Don’t forget the president’s own comment during last year’s primary election campaign that he could shoot someone in the street and not lose a single vote. Suffice it to say his supporters are loyal.

The survey published in the Washington Post was carried out by Ariel Malka of Yeshiva University and Yphtach Lelkes of the University of Pennsylvania. It involved interviews with 1,325 Americans in early to mid-June, and it focused on the 650 people who said they were Republicans or leaned in that direction.

And as if that 52 percent figure weren’t high enough, the poll also found that 56 percent of respondents said they would support a delay if it were supported by both the president and Republican members of Congress.

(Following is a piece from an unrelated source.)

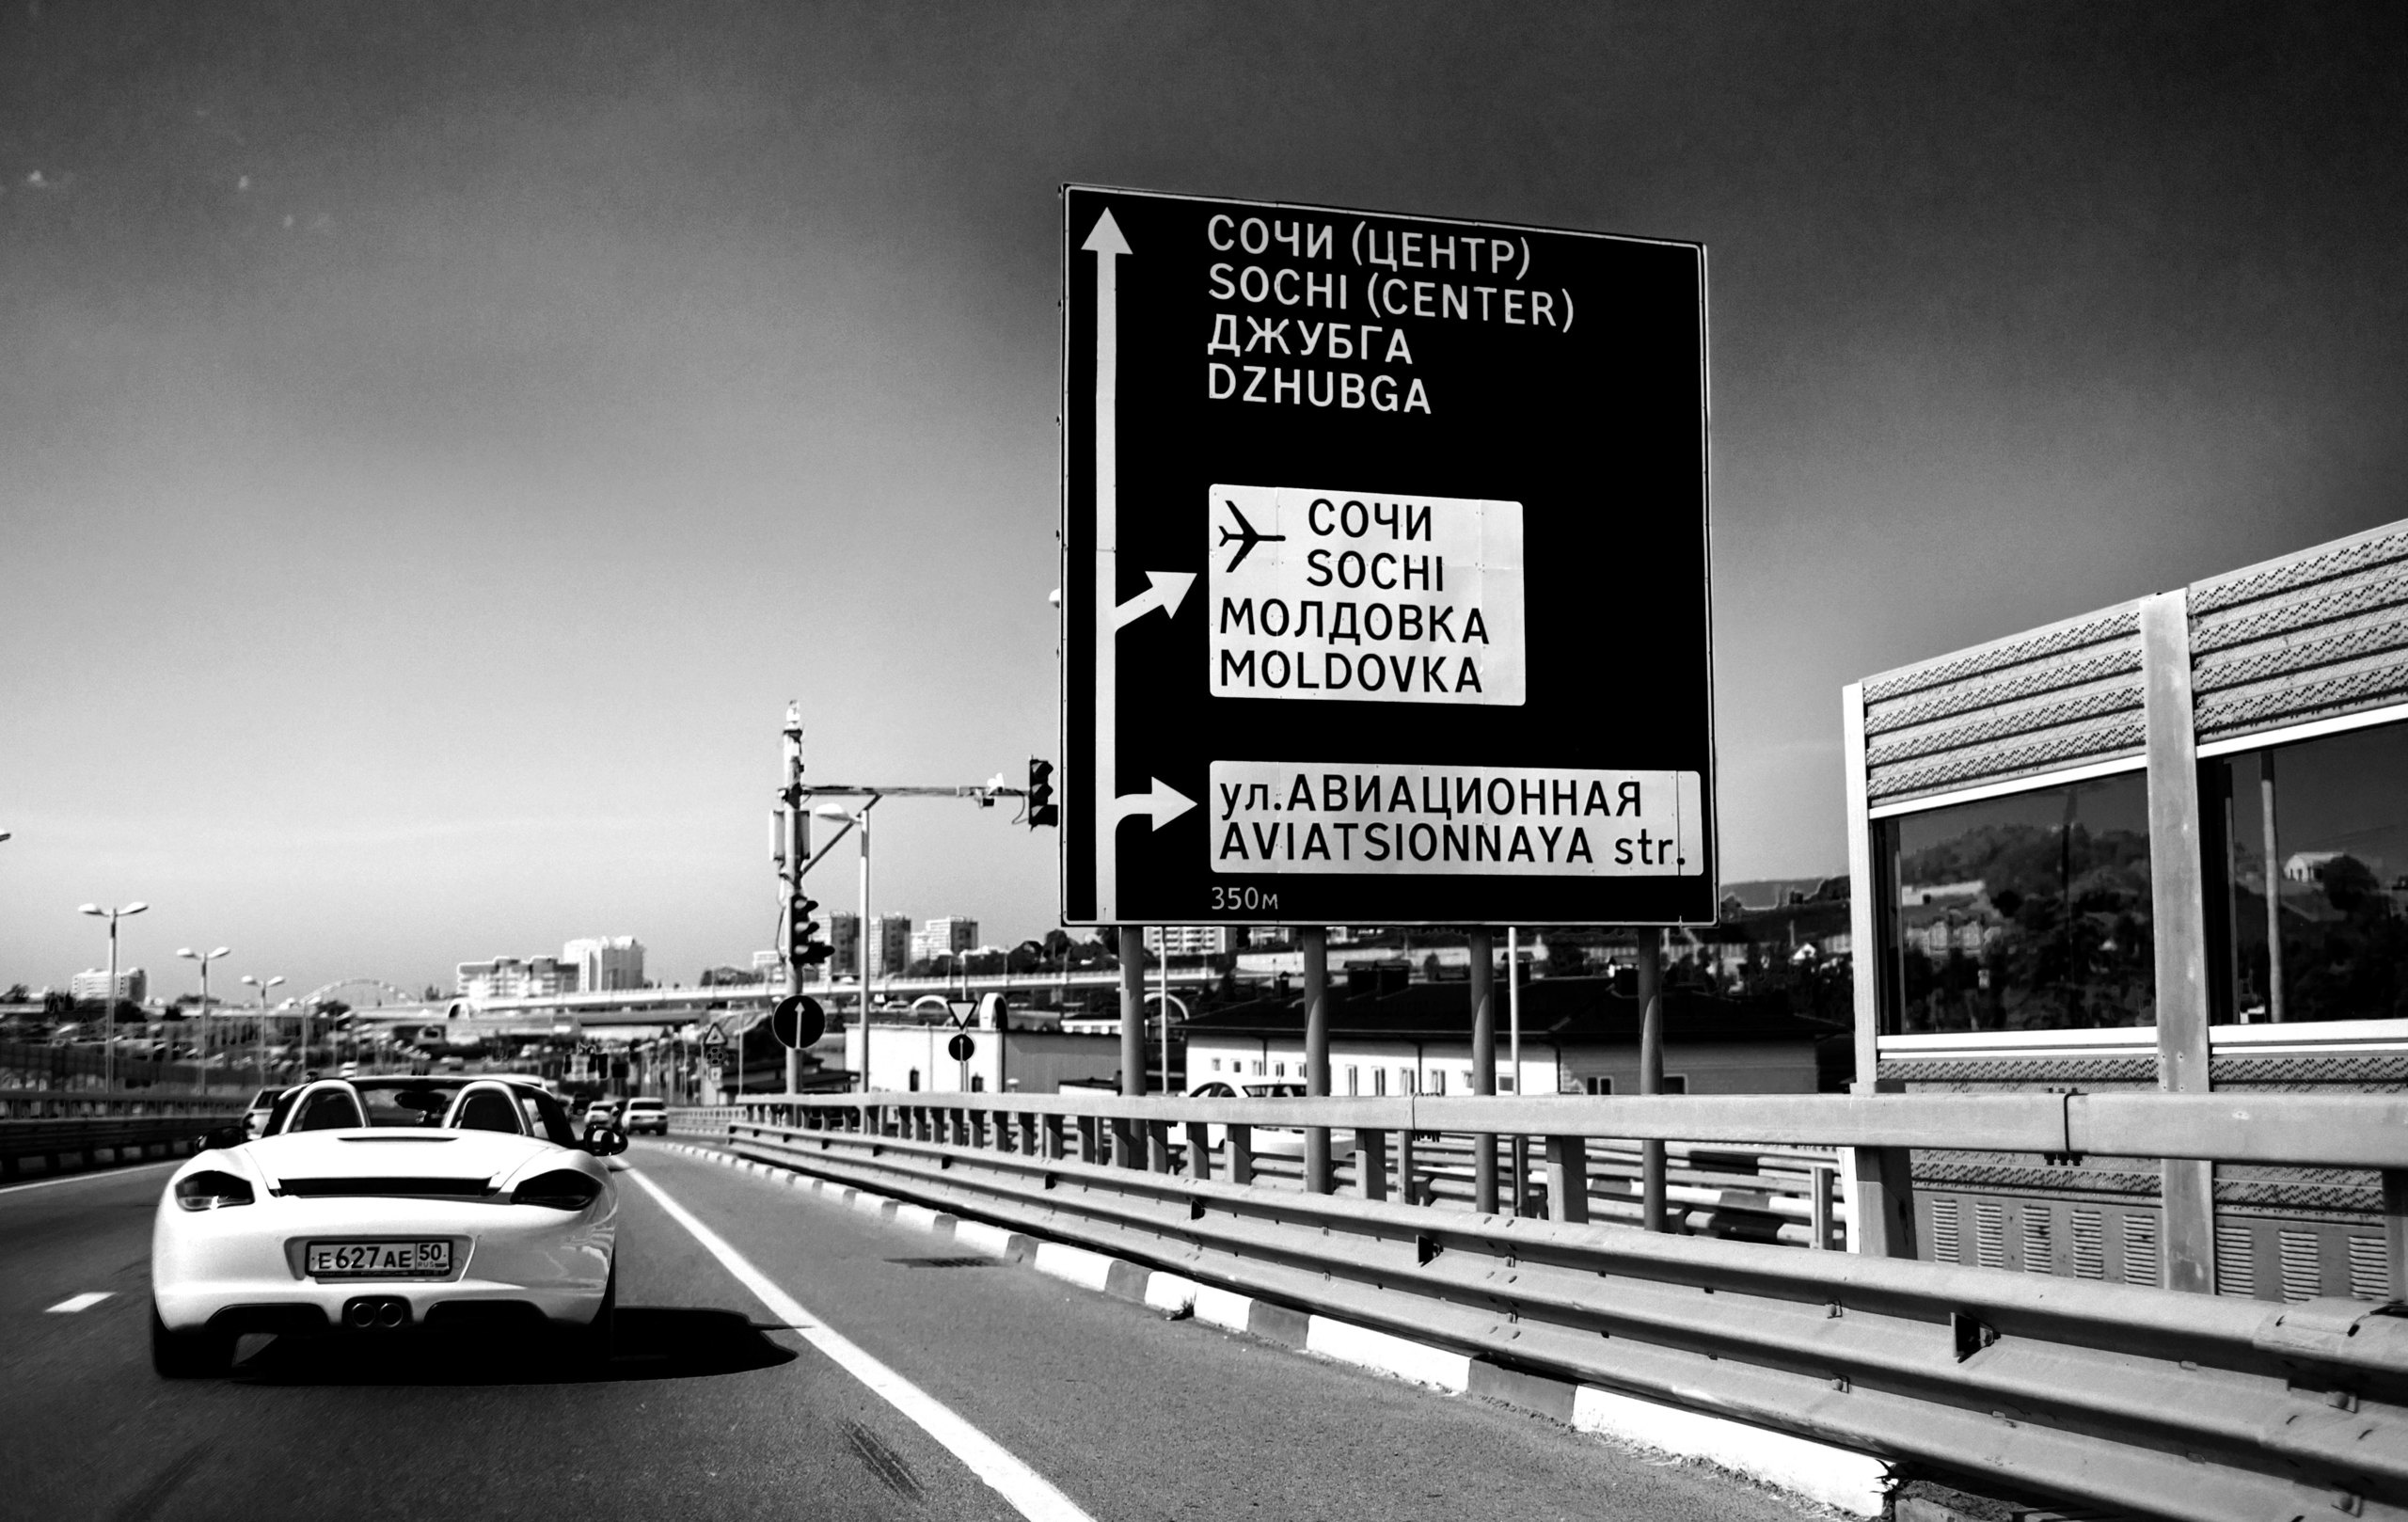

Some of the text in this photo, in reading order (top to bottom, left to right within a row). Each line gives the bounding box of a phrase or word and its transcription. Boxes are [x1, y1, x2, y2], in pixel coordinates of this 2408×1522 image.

Critics point out that the survey findings come at a time when the president has created a “voter integrity” commission to look at what he perceives to be fraud in the U.S. election system. The commission met for the first time in July.

Trump formed the commission after saying, without evidence, that up to 5 million people voted fraudulently in the 2016 election.

Democrats have been skeptical of the commission, saying its efforts look more like voter suppression than voter integrity. And election experts in both parties have insisted there was no widespread voter fraud. Malka and Lelkes stress that no one has actually proposed delaying the election.

“Our survey is only measuring reactions to a hypothetical situation,” they say. “Were Trump to seriously propose postponing the election, there would be a torrent of opposition, which would likely include prominent Republicans. Financial markets would presumably react negatively to the potential for political instability. And this is to say nothing of the various legal and constitutional complications that would immediately become clear. Citizens would almost certainly form their opinions amid such tumult, which does not at all resemble the context in which our survey was conducted.” However, they insist that the results shouldn’t be simply dismissed because of the indication that a high number of respondents are willing to set aside democratic norms.

Still, it is good to remember that such loyalty might not be limited to the right. In response to all of the outcry over the survey’s findings, a Trump supporter on Twitter noted that it would be interesting to learn how Democrats would have reacted to a similar question referring to President Barack Obama. Would a comparable number have been willing to postpone an election on his recommendation?

I wouldn’t be surprised if the answer were yes.

To be honest, that doesn’t make the finding any less troubling. Can our form of government truly be healthy when so many seem willing to set aside its foundations simply based on party loyalty?

I think we all know the answer to that question.